Apenas 30% do efetivo está trabalhando. Com isso, só os casos emergenciais, como liminares de pensões alimentícias, busca e apreensão de menores, liberação de verba para compra de remédios e alvarás de soltura, são atendidos. O coordenador-geral do SindJustiça, Amarildo Silva, afirmou que o acúmulo de serviço é muito grande. “Isso prejudica a população jurisdicionada, prejudica a classe dos advogados”, disse ele à Agência Brasil.

Ele destacou que a presidência do TJ-RJ não admite a existência do movimento grevista e faz intensas pressões sobre os servidores. O sindicalista acusou a atual administração de ameaças em relação ao corte da folha de ponto e da suspensão dos salários. De acordo com o coordenador do sindicato, o tribunal removeu arbitrariamente 33 servidores de suas funções habituais para lugares distantes como forma de punição. O sindicato espera reverter as punições no Conselho Nacional de Justiça.

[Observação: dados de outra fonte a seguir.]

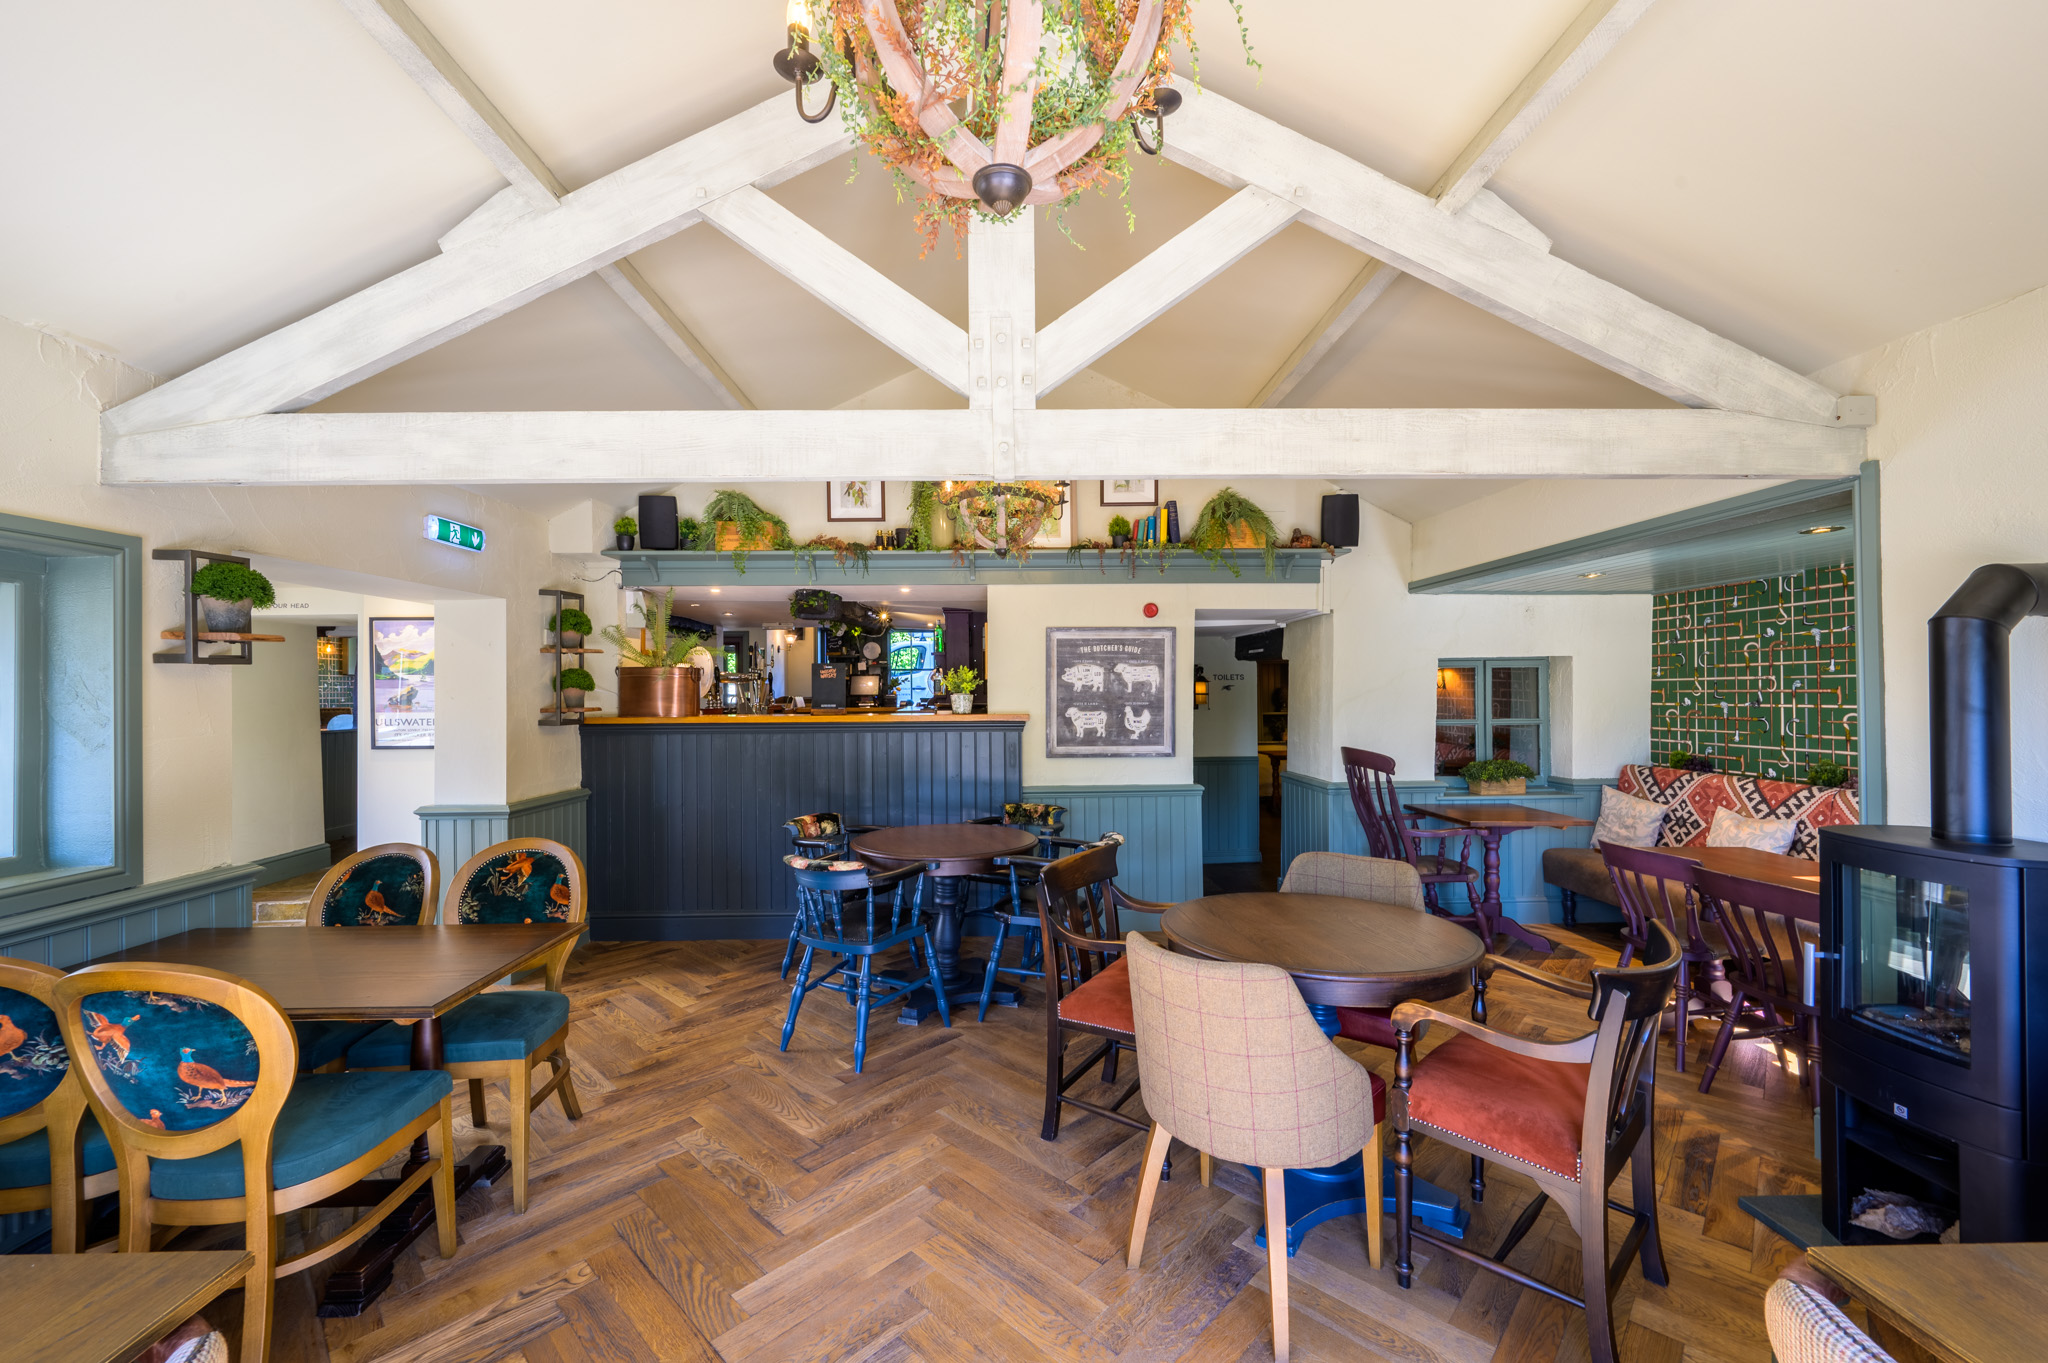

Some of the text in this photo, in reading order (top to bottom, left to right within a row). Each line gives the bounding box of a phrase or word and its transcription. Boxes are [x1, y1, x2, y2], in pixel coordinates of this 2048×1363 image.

A Assessoria de Imprensa do TJ-RJ negou que haja greve e afirmou desconhecer as reivindicações. “Os servidores estão trabalhando normalmente”, disse o órgão.

As reivindicações
O comando da greve exige a garantia de 24% de aumento para todos os servidores. O SindJustiça afirma que o reajuste foi aprovado em 1987, no governo Moreira Franco. Depois de 22 anos, o Supremo Tribunal Federal decidiu pelo cumprimento da medida a partir do dia 3 de setembro deste ano, mas o “governo do estado e o tribunal não cumpriram a determinação”.

A diretoria do sindicato informou que a presidência do tribunal condicionou a abertura de diálogo com os coordenadores do sindicato à suspensão da greve. Em assembleia, na última quinta-feira (4/11), entretanto, a categoria aprovou a continuidade da paralisação. Uma nova assembleia geral está marcada para esta quinta-feira (11/11), às 15h, em frente ao Palácio da Justiça.

Revista Consultor Jurídico, 8 de novembro de 2010, 15h31

Comentários de leitores

2 comentários

Que justiça é esta?

maresid (Serventuário)

O Ministro Gilmar Dantas diz que "os salários dos dias de paralisação não deverão ser pagos, salvo no caso em que a greve tenha sido provocada por atraso no pagamento ou por outras situações excepcionais que justifiquem o afastamento da premissa da suspensão do contrato de trabalho."
Ora, se o descumprimento de decisão judicial por parte do TJ-RJ não é uma situação que justifique o movimento grevista, o que é então?????????

Lei pra inglês ver

maresid (Serventuário)

Vivemos no Brasil um momento sui generis, pois o próprio Poder Judiciário não vem cumprindo determinações judiciais e ninguém faz nada a respeito. Os servidores do TJ-RJ estão cobertos de razão e deveriam ter o apoio de outras instituições que dizem ser defensoras da democracia, como a OAB. Não existe democracia, sem o respeito à Constituição. Aliás, ultimamente, as leis só tem sido utilizadas para penalizar aqueles que lutam por seus direitos, no entanto, a Constituição não tem sido observada no quesito "DIREITOS". Isso vale, principalmente para as instâncias superiores e o próprio CNJ, que vê os Tribunais tripudiarem a lei e nada faz contra isso.
Pobres dos servidores do judiciário, que não têm a quem recorrer!